Imagine a first-year student has asked your advice about REL courses. What’s the one she shouldn’t dream about missing? Why?

This is perhaps the most difficult question on the list! I think if I had to recommend just one course that she absolutely could not miss out on, it would have to be Religion, Race & Ethnicity in America. Learning how ingrained religion is in our nation’s history and current events is indispensable for today’s citizens. Furthermore, learning about the intersections that race and ethnicity hold with religion, especially in the United States, is both fascinating and incredibly important to learn about considering our country’s current social and political climate.

If you could write any book, what would it be?

I would love to write a book about being a Christian feminist and the different ways in which the two identities clash or cooperate with each other.

Any fond memories of 481 Main Street you want to share?

When the Religion Club was still in action, we had some lovely meetings and get togethers there. But when I think about times in 481 Main, no specific memories crop up, but rather feelings: feelings of support, honesty, and genuine caring for each other. The religion department really cares and supports their students in a unique way that other departments simply don’t.
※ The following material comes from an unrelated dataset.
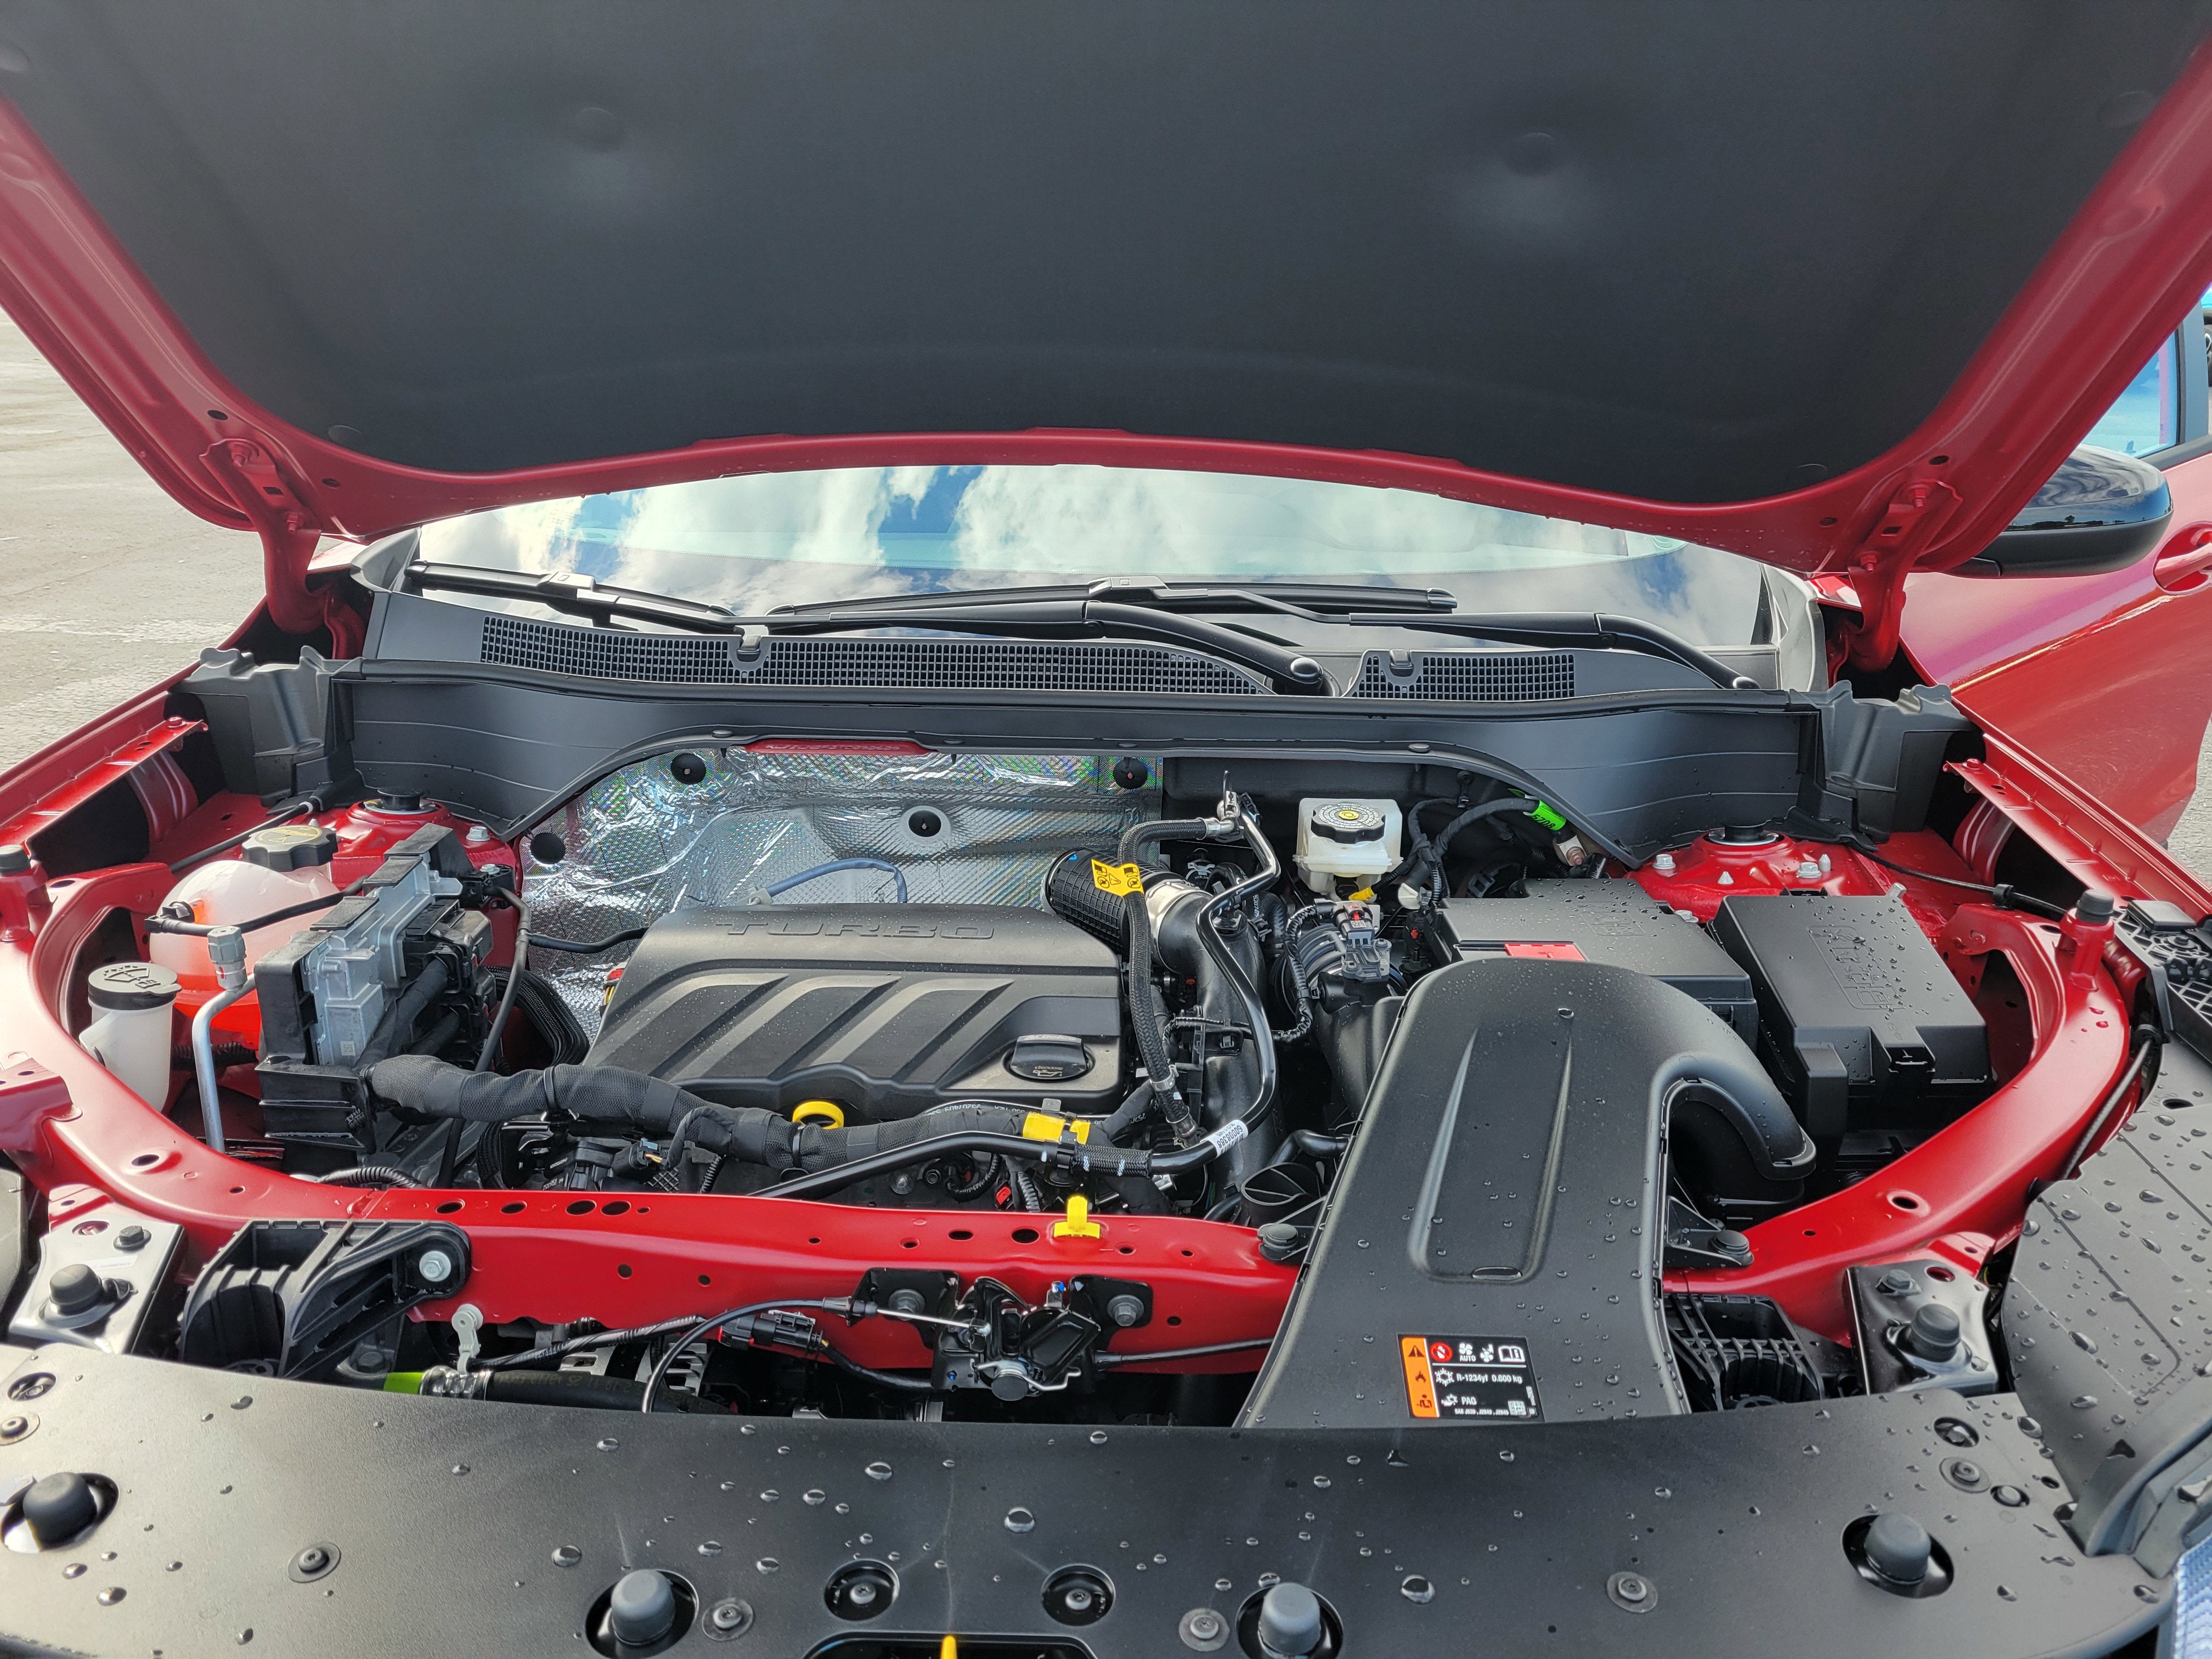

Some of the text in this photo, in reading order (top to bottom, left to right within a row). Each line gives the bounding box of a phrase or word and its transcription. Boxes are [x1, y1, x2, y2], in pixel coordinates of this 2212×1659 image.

Senior Spotlight: Rebecca Friedlander ’17

Rebecca Friedlander in the Senior Spotlight:
a series on our graduating seniors


Why did you major in Religion?

Rebecca Friedlander, ’17

I majored in religion because I took a world religions class in high school and realized how much I didn’t know. I really wanted to learn about new places and new people and I was already planning on majoring in anthropology so religion seemed like a good second major to really give me a broad world view.

Where do you imagine yourself in 10 years?

In ten years I’ve hopefully completed a masters and maybe even further schooling but I’m keeping my options open right now. Currently I’m thinking about graduate school in archaeology but I’m taking a year off to work and really get a plan together.

Imagine a first-year student has asked your advice about REL courses. What’s the one she shouldn’t dream about missing? Why?

I would definitely say take at least one class with every professor if you can and don’t miss out on office hours. That’s one thing I wish I had done more of when I was in college because the few times I went it was super helpful and it’s amazing how much you can learn outside of the classroom when you’re just having a conversation and how much you can improve your own work and your life.

If you could write any book, what would it be?

I’m reading a lot of dystopia right now so if I could write a book it’d probably be something along those lines. I really like novels that look at how simultaneously expansive and small the world really is in terms of how much everything is connected and impacts everything else but also how much the world contains. So I guess it would have characters vastly different from one another but that have intertwining storylines.